The Teenage Global Climate Protest.

Things are really changing now, even from only a few years ago, we couldn’t have predicted both the changes in our beliefs and the teenage global climate protests with Greta Thunberg at the helm. In the city where I live teenagers took to the streets to join the worldwide protests. I feel proud of them for standing up and speaking their minds. Now teenagers in general get a bad rapt, but on this, they are correct, we all know this is a major problem but right now they are the ones who are making a difference.

Anxious about their future on a hotter planet and angry at world leaders for failing to arrest the crisis, masses of young people poured into the streets on every continent for a day of global climate protests. Organisers estimated the turnout to be around four million in thousands of cities and towns worldwide. Whether this global action solved the problem that the protesters have identified: arresting greenhouse gas emissions to stave off a climate catastrophe, who knows at this point? It depends on how effectively climate advocates can turn the momentum of the protest marches into sustained political pressure on governments and companies that produce those emissions. But surly, one of the biggest environmental protests the world has ever seen cannot be ignored by those in positions of power.

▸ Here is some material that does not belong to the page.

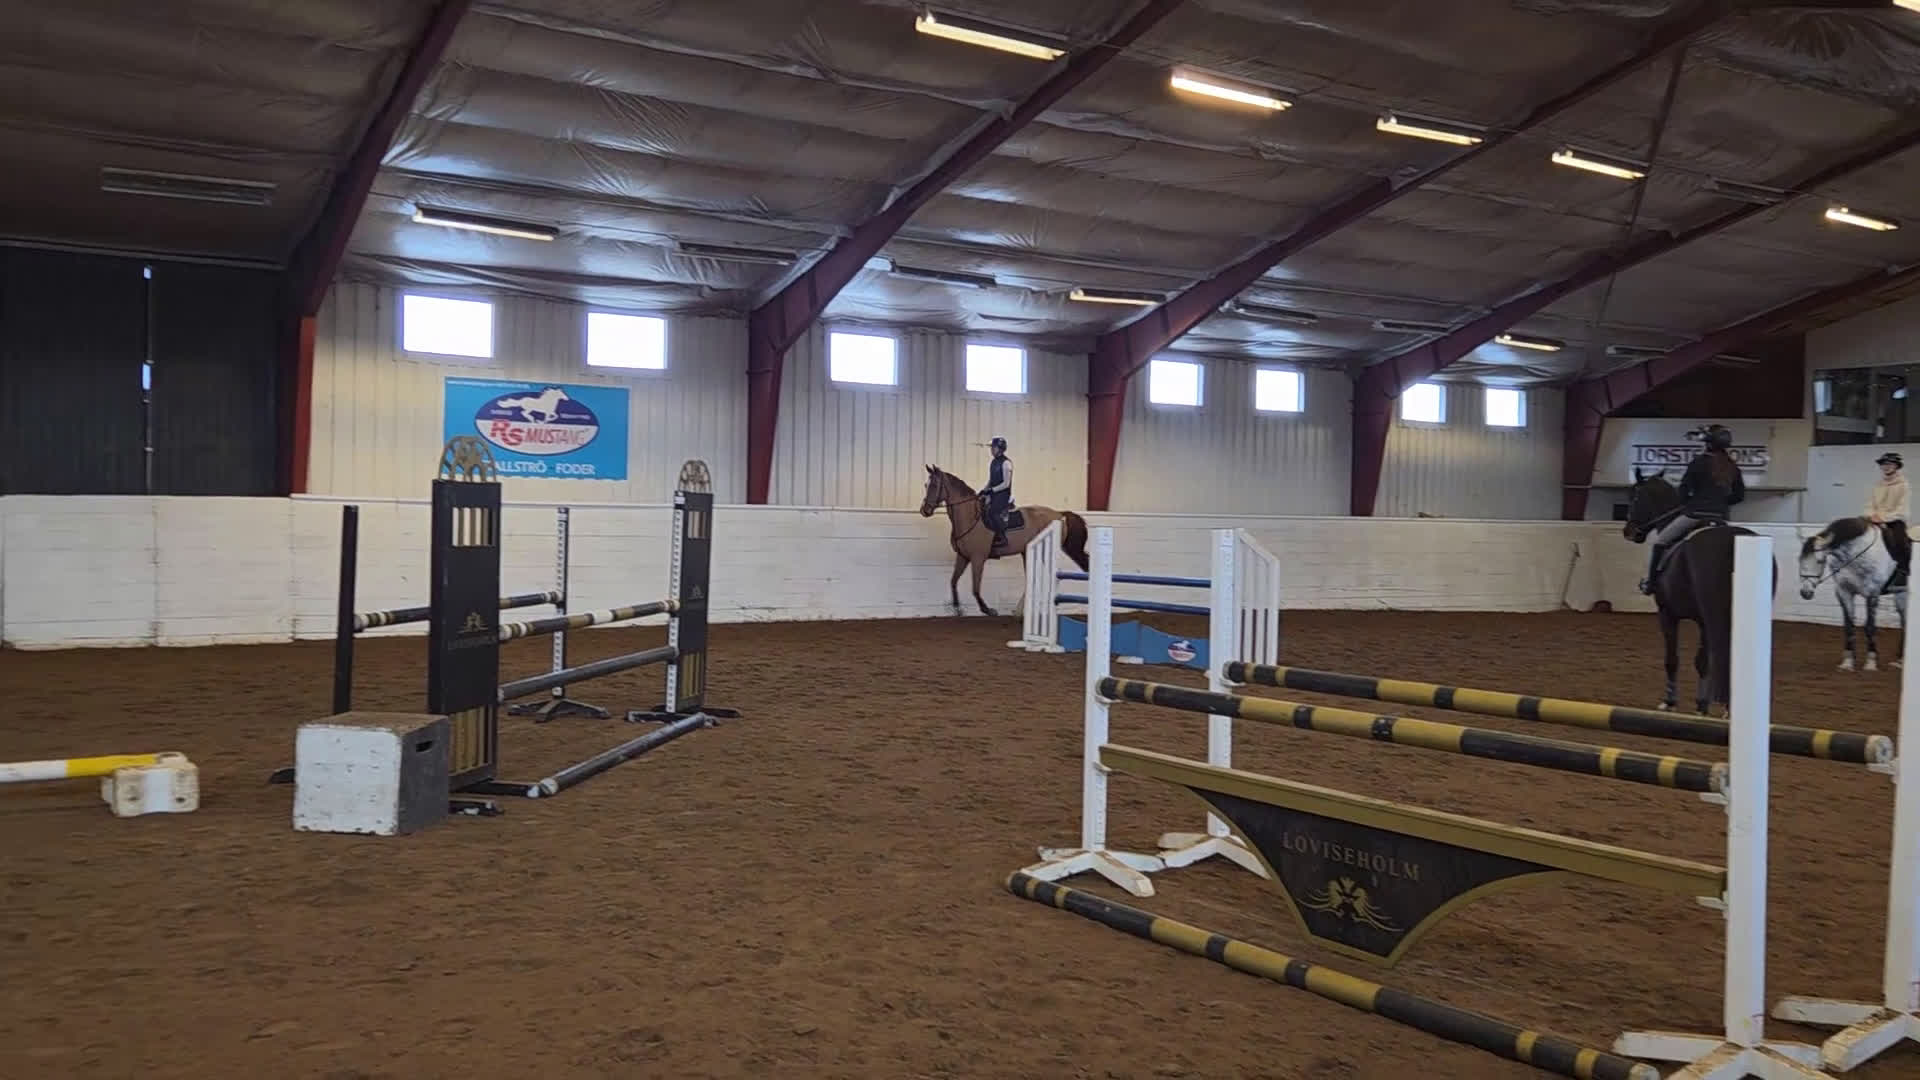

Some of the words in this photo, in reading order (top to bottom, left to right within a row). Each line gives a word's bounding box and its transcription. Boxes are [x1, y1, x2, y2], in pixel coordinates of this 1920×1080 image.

[525, 426, 586, 447] MUSTANG
[1636, 446, 1769, 465] TORSTONS
[555, 462, 596, 475] FODER
[1282, 831, 1421, 881] LOVISEHOLM

There is growing scientific concern. A slew of recent reports has warned that oceans are heating and the poles melting faster than expected. In the USA and Europe, politicians are considering green deals and policies that would ramp up the transition to renewable energy but with increasing emissions it could be said that more focus is needed and quickly.

Young people have a distinctive and valuable perspective. They deserve to be heard. Teenagers can already join British political parties, most of which grant full membership rights to mid-teens. In Scotland, 16-year-olds can vote in some elections and this should be extended to all elections across the UK. The damage that is occurring now will affect them more than us, so they should have a say. There are sensible questions to be asked about the influence exerted by parents and other adults on children professing strong opinions. But we should respect and welcome efforts by children and teenagers to make their voices heard and influence decision-making. After all, they will be living with the consequences for far longer than the rest of us. The accelerating climate crisis, with figures from the UK Met Office suggesting that 1.5C of warming could be reached in as little as five years, shows it is the time to demand tougher action to avert disaster.

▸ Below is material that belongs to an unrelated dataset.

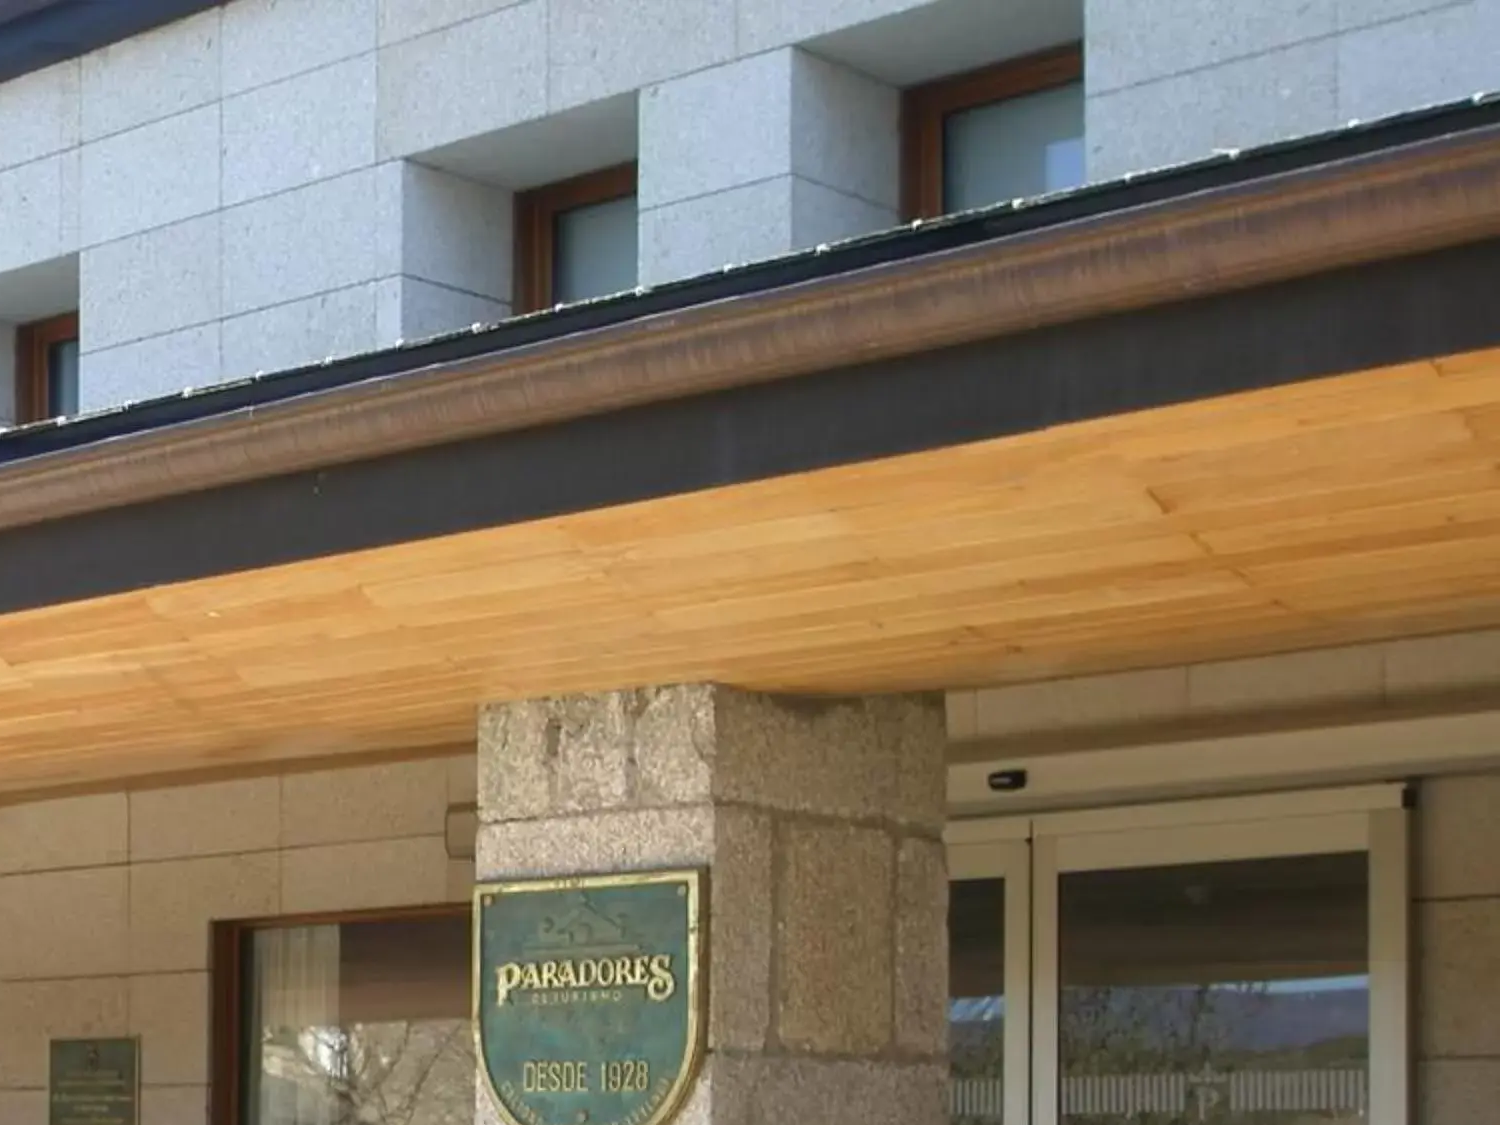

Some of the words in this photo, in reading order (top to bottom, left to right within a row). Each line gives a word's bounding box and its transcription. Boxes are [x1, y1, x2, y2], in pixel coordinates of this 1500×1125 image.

[496, 953, 676, 1008] PARADORES
[522, 1061, 589, 1092] DESDE
[600, 1059, 650, 1091] 1928

There have been suggestions that someone older had put them up to it. The Flemish environment minister, Joke Schauvliege, took the stance that the recent school strikes across Belgium were a “set-up and that security services knew who was really “behind this movement”. However, the Belgian security services issued a rare denial and Ms Schauvliege resigned her position.

Greta Thunberg was a lonely figure, a painfully introverted, slightly built teenage girl, when she started a school strike for the climate outside the Swedish parliament building in Stockholm in 2018. Her parents tried to dissuade her and her classmates declined to join her. Pity and bemusement were expressed by passers-by at the sight of a 15-year-old sitting on the cobblestones with a hand-painted banner. Now the picture could not be more different. The pig-tailed teenager is feted across the world as a model of determination, inspiration, and positive action. As a climate activist, her one-person strikes in Stockholm helped ignite a global movement and she is known as a figurehead for this vast and growing movement. A handful of fossil fuel lobbyists, politicians, and journalists have argued Thunberg is not what she seems, that she was propelled into prominence by environmental groups and sustainable-business interests. The entrepreneur who first tweeted about the climate strike, Ingmar Rentzhog, used Thunberg’s name to raise investment for his company but this was done without her permission. She has now cut all links with the company and has since vowed never to be associated with commercial interests. She has also been withering about leaders in the USA, UK, and Australia who either ignore the strikers or admonish them for skipping classes.

Greta says “They are desperately trying to change the subject whenever the school strikes come up. They know they can’t win this fight because they haven’t done anything”

Such blunt talk has found a broad audience among people jaded by empty promises and eager to find a climate leader willing to ramp up ambition. Greta Thunberg is brutally honest and for this some people consider this a threat.

She has told demonstrators “If no one else will take action, then we will

 I personally think we should listen to our children on this one. There is an old Yorkshire saying “Out of the mouths of Babes”, which roughly means sometimes children have some clever ideas and know and see more clearly than adults. So, I will leave you with this thought!